_Source information_:
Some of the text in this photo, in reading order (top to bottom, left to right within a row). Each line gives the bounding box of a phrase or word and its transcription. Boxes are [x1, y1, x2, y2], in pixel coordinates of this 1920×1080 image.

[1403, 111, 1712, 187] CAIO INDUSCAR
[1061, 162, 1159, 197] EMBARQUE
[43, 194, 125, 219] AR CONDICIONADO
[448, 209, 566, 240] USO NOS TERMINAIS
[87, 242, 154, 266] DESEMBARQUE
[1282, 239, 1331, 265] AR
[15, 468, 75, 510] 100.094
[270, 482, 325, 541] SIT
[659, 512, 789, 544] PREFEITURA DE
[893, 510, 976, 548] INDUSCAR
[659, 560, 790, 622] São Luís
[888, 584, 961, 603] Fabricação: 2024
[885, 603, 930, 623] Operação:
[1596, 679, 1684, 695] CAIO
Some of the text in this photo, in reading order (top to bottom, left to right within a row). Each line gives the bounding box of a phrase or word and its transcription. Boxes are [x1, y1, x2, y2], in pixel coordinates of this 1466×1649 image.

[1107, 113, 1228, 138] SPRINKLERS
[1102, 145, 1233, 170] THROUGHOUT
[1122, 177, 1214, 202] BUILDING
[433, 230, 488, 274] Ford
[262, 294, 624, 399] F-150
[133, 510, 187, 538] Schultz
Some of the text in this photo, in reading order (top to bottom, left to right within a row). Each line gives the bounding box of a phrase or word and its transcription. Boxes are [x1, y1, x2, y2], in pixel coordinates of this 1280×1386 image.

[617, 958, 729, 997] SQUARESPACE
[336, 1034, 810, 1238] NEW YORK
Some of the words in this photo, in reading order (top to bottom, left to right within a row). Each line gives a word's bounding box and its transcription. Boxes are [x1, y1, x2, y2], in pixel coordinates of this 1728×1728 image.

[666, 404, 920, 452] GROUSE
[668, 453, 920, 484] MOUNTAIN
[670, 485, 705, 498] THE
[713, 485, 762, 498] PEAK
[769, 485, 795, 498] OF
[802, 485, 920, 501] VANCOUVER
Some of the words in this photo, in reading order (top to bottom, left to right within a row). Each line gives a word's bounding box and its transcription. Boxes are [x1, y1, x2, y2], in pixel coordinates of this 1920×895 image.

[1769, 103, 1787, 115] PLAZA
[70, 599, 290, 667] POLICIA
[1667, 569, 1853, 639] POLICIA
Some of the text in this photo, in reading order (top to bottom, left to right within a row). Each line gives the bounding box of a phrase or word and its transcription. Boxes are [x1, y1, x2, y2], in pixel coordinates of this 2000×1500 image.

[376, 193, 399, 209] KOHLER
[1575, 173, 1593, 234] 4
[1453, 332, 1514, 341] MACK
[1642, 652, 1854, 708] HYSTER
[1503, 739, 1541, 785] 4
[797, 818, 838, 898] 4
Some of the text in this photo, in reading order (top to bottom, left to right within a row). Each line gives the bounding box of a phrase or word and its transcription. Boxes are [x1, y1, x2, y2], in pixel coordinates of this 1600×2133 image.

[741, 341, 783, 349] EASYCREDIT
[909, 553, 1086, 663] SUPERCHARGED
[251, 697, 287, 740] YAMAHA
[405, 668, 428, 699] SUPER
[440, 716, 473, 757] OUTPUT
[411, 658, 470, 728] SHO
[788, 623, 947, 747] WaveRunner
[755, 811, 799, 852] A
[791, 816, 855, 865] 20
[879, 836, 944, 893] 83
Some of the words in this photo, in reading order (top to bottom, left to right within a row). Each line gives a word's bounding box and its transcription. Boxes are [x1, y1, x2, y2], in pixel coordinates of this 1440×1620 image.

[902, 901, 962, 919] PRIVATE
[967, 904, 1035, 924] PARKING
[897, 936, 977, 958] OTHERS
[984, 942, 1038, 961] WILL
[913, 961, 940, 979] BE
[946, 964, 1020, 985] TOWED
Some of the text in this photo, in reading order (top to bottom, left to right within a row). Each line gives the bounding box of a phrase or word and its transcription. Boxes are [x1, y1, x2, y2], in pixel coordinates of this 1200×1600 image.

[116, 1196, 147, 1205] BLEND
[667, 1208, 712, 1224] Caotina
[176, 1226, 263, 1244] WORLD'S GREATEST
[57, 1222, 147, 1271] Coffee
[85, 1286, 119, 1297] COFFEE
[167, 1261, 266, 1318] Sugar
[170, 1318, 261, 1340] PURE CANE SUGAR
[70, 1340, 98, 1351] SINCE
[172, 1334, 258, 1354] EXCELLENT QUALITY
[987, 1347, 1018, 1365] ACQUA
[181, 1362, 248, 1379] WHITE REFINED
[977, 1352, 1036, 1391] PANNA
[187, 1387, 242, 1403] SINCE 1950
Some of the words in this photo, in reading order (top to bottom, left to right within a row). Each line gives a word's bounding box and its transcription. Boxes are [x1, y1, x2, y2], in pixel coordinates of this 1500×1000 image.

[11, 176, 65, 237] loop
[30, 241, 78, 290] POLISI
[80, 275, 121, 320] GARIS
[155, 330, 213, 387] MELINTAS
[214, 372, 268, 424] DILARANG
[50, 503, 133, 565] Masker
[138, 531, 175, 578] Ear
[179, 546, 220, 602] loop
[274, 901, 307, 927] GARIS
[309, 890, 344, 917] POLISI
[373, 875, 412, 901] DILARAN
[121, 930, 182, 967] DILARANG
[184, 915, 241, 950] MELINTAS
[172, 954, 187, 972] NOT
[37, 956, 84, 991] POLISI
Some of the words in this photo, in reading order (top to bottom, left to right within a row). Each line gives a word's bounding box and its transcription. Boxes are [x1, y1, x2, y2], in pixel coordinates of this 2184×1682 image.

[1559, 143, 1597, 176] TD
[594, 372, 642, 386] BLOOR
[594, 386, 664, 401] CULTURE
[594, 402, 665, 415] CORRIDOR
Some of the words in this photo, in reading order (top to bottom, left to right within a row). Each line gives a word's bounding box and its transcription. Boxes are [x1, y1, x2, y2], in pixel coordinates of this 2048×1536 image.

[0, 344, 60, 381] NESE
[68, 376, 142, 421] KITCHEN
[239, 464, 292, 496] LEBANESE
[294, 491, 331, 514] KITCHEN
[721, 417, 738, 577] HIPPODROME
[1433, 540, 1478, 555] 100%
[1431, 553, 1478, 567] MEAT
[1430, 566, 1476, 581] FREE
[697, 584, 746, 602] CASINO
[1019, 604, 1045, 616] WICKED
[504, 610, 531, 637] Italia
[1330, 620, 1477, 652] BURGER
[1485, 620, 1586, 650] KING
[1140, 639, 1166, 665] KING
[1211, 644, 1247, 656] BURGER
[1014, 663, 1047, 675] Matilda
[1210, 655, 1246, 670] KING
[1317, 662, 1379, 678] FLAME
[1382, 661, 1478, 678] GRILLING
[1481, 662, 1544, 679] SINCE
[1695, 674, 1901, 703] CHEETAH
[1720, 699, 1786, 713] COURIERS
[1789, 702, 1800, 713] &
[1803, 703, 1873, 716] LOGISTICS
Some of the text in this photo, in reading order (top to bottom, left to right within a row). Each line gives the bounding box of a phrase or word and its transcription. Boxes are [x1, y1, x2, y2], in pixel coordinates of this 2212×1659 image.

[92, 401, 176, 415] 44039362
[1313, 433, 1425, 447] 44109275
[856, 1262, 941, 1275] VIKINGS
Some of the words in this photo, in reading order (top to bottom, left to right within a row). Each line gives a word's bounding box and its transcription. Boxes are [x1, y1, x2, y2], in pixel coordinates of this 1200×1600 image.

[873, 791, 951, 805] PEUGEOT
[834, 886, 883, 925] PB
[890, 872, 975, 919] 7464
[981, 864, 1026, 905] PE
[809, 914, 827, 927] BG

_What you are asked to do_:
Please return every entry exactly as it appears.

_Worked solution_:
Some of the text in this photo, in reading order (top to bottom, left to right within a row). Each line gives the bounding box of a phrase or word and its transcription. Boxes are [x1, y1, x2, y2], in pixel coordinates of this 1920×1080 image.

[1403, 111, 1712, 187] CAIO INDUSCAR
[1061, 162, 1159, 197] EMBARQUE
[43, 194, 125, 219] AR CONDICIONADO
[448, 209, 566, 240] USO NOS TERMINAIS
[87, 242, 154, 266] DESEMBARQUE
[1282, 239, 1331, 265] AR
[15, 468, 75, 510] 100.094
[270, 482, 325, 541] SIT
[659, 512, 789, 544] PREFEITURA DE
[893, 510, 976, 548] INDUSCAR
[659, 560, 790, 622] São Luís
[888, 584, 961, 603] Fabricação: 2024
[885, 603, 930, 623] Operação:
[1596, 679, 1684, 695] CAIO
Some of the text in this photo, in reading order (top to bottom, left to right within a row). Each line gives the bounding box of a phrase or word and its transcription. Boxes are [x1, y1, x2, y2], in pixel coordinates of this 1466×1649 image.

[1107, 113, 1228, 138] SPRINKLERS
[1102, 145, 1233, 170] THROUGHOUT
[1122, 177, 1214, 202] BUILDING
[433, 230, 488, 274] Ford
[262, 294, 624, 399] F-150
[133, 510, 187, 538] Schultz
Some of the text in this photo, in reading order (top to bottom, left to right within a row). Each line gives the bounding box of a phrase or word and its transcription. Boxes are [x1, y1, x2, y2], in pixel coordinates of this 1280×1386 image.

[617, 958, 729, 997] SQUARESPACE
[336, 1034, 810, 1238] NEW YORK
Some of the words in this photo, in reading order (top to bottom, left to right within a row). Each line gives a word's bounding box and its transcription. Boxes are [x1, y1, x2, y2], in pixel coordinates of this 1728×1728 image.

[666, 404, 920, 452] GROUSE
[668, 453, 920, 484] MOUNTAIN
[670, 485, 705, 498] THE
[713, 485, 762, 498] PEAK
[769, 485, 795, 498] OF
[802, 485, 920, 501] VANCOUVER
Some of the words in this photo, in reading order (top to bottom, left to right within a row). Each line gives a word's bounding box and its transcription. Boxes are [x1, y1, x2, y2], in pixel coordinates of this 1920×895 image.

[1769, 103, 1787, 115] PLAZA
[70, 599, 290, 667] POLICIA
[1667, 569, 1853, 639] POLICIA
Some of the text in this photo, in reading order (top to bottom, left to right within a row). Each line gives the bounding box of a phrase or word and its transcription. Boxes are [x1, y1, x2, y2], in pixel coordinates of this 2000×1500 image.

[376, 193, 399, 209] KOHLER
[1575, 173, 1593, 234] 4
[1453, 332, 1514, 341] MACK
[1642, 652, 1854, 708] HYSTER
[1503, 739, 1541, 785] 4
[797, 818, 838, 898] 4
Some of the text in this photo, in reading order (top to bottom, left to right within a row). Each line gives the bounding box of a phrase or word and its transcription. Boxes are [x1, y1, x2, y2], in pixel coordinates of this 1600×2133 image.

[741, 341, 783, 349] EASYCREDIT
[909, 553, 1086, 663] SUPERCHARGED
[251, 697, 287, 740] YAMAHA
[405, 668, 428, 699] SUPER
[440, 716, 473, 757] OUTPUT
[411, 658, 470, 728] SHO
[788, 623, 947, 747] WaveRunner
[755, 811, 799, 852] A
[791, 816, 855, 865] 20
[879, 836, 944, 893] 83
Some of the words in this photo, in reading order (top to bottom, left to right within a row). Each line gives a word's bounding box and its transcription. Boxes are [x1, y1, x2, y2], in pixel coordinates of this 1440×1620 image.

[902, 901, 962, 919] PRIVATE
[967, 904, 1035, 924] PARKING
[897, 936, 977, 958] OTHERS
[984, 942, 1038, 961] WILL
[913, 961, 940, 979] BE
[946, 964, 1020, 985] TOWED
Some of the text in this photo, in reading order (top to bottom, left to right within a row). Each line gives the bounding box of a phrase or word and its transcription. Boxes are [x1, y1, x2, y2], in pixel coordinates of this 1200×1600 image.

[116, 1196, 147, 1205] BLEND
[667, 1208, 712, 1224] Caotina
[176, 1226, 263, 1244] WORLD'S GREATEST
[57, 1222, 147, 1271] Coffee
[85, 1286, 119, 1297] COFFEE
[167, 1261, 266, 1318] Sugar
[170, 1318, 261, 1340] PURE CANE SUGAR
[70, 1340, 98, 1351] SINCE
[172, 1334, 258, 1354] EXCELLENT QUALITY
[987, 1347, 1018, 1365] ACQUA
[181, 1362, 248, 1379] WHITE REFINED
[977, 1352, 1036, 1391] PANNA
[187, 1387, 242, 1403] SINCE 1950
Some of the words in this photo, in reading order (top to bottom, left to right within a row). Each line gives a word's bounding box and its transcription. Boxes are [x1, y1, x2, y2], in pixel coordinates of this 1500×1000 image.

[11, 176, 65, 237] loop
[30, 241, 78, 290] POLISI
[80, 275, 121, 320] GARIS
[155, 330, 213, 387] MELINTAS
[214, 372, 268, 424] DILARANG
[50, 503, 133, 565] Masker
[138, 531, 175, 578] Ear
[179, 546, 220, 602] loop
[274, 901, 307, 927] GARIS
[309, 890, 344, 917] POLISI
[373, 875, 412, 901] DILARAN
[121, 930, 182, 967] DILARANG
[184, 915, 241, 950] MELINTAS
[172, 954, 187, 972] NOT
[37, 956, 84, 991] POLISI
Some of the words in this photo, in reading order (top to bottom, left to right within a row). Each line gives a word's bounding box and its transcription. Boxes are [x1, y1, x2, y2], in pixel coordinates of this 2184×1682 image.

[1559, 143, 1597, 176] TD
[594, 372, 642, 386] BLOOR
[594, 386, 664, 401] CULTURE
[594, 402, 665, 415] CORRIDOR
Some of the words in this photo, in reading order (top to bottom, left to right within a row). Each line gives a word's bounding box and its transcription. Boxes are [x1, y1, x2, y2], in pixel coordinates of this 2048×1536 image.

[0, 344, 60, 381] NESE
[68, 376, 142, 421] KITCHEN
[239, 464, 292, 496] LEBANESE
[294, 491, 331, 514] KITCHEN
[721, 417, 738, 577] HIPPODROME
[1433, 540, 1478, 555] 100%
[1431, 553, 1478, 567] MEAT
[1430, 566, 1476, 581] FREE
[697, 584, 746, 602] CASINO
[1019, 604, 1045, 616] WICKED
[504, 610, 531, 637] Italia
[1330, 620, 1477, 652] BURGER
[1485, 620, 1586, 650] KING
[1140, 639, 1166, 665] KING
[1211, 644, 1247, 656] BURGER
[1014, 663, 1047, 675] Matilda
[1210, 655, 1246, 670] KING
[1317, 662, 1379, 678] FLAME
[1382, 661, 1478, 678] GRILLING
[1481, 662, 1544, 679] SINCE
[1695, 674, 1901, 703] CHEETAH
[1720, 699, 1786, 713] COURIERS
[1789, 702, 1800, 713] &
[1803, 703, 1873, 716] LOGISTICS
Some of the text in this photo, in reading order (top to bottom, left to right within a row). Each line gives the bounding box of a phrase or word and its transcription. Boxes are [x1, y1, x2, y2], in pixel coordinates of this 2212×1659 image.

[92, 401, 176, 415] 44039362
[1313, 433, 1425, 447] 44109275
[856, 1262, 941, 1275] VIKINGS
Some of the words in this photo, in reading order (top to bottom, left to right within a row). Each line gives a word's bounding box and its transcription. Boxes are [x1, y1, x2, y2], in pixel coordinates of this 1200×1600 image.

[873, 791, 951, 805] PEUGEOT
[834, 886, 883, 925] PB
[890, 872, 975, 919] 7464
[981, 864, 1026, 905] PE
[809, 914, 827, 927] BG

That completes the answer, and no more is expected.